### Exercise
Print the listing below a second time, exactly, and omit its images.

### Records shown
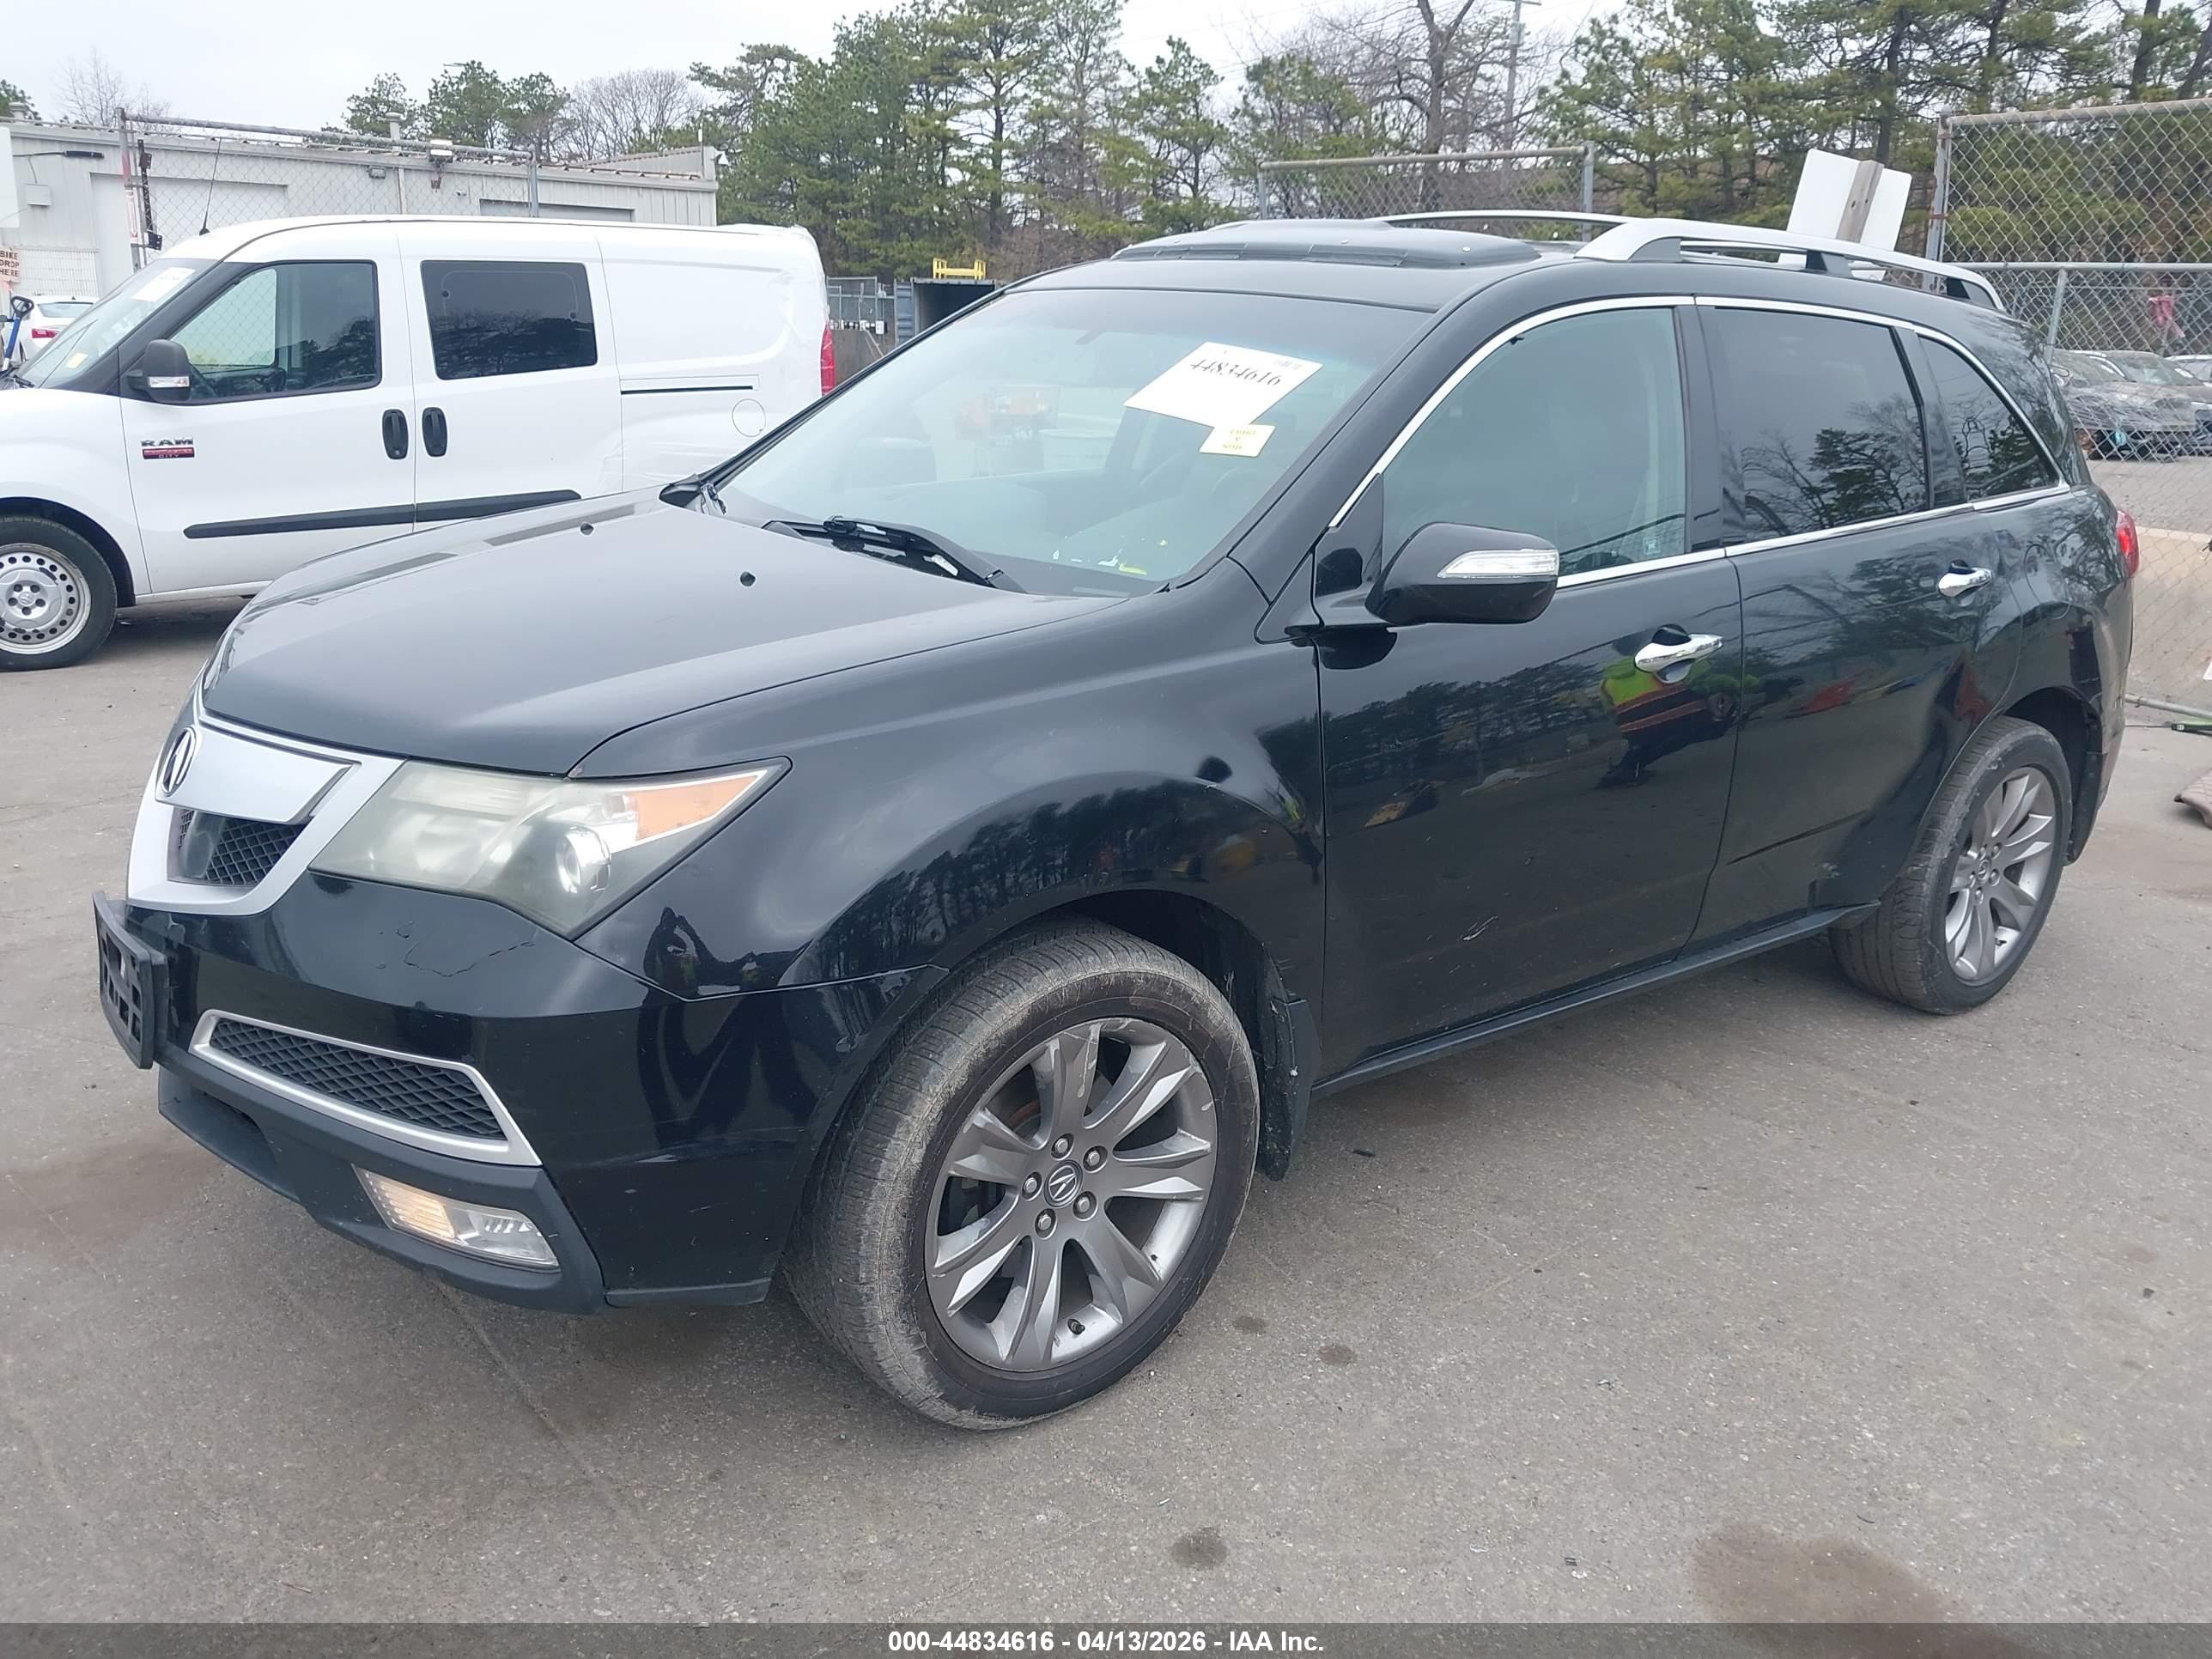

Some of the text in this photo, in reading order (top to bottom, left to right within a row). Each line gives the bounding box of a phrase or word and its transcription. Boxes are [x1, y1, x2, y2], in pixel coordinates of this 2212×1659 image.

[0, 250, 18, 260] BIKE
[0, 258, 20, 269] DROP
[0, 268, 20, 277] HERE
[1190, 358, 1282, 386] 44834616

### Exercise response
Some of the text in this photo, in reading order (top to bottom, left to right within a row). Each line gives the bounding box of a phrase or word and its transcription. Boxes are [x1, y1, x2, y2], in pixel coordinates of this 2212×1659 image.

[0, 250, 18, 260] BIKE
[0, 258, 20, 269] DROP
[0, 268, 20, 277] HERE
[1190, 358, 1282, 386] 44834616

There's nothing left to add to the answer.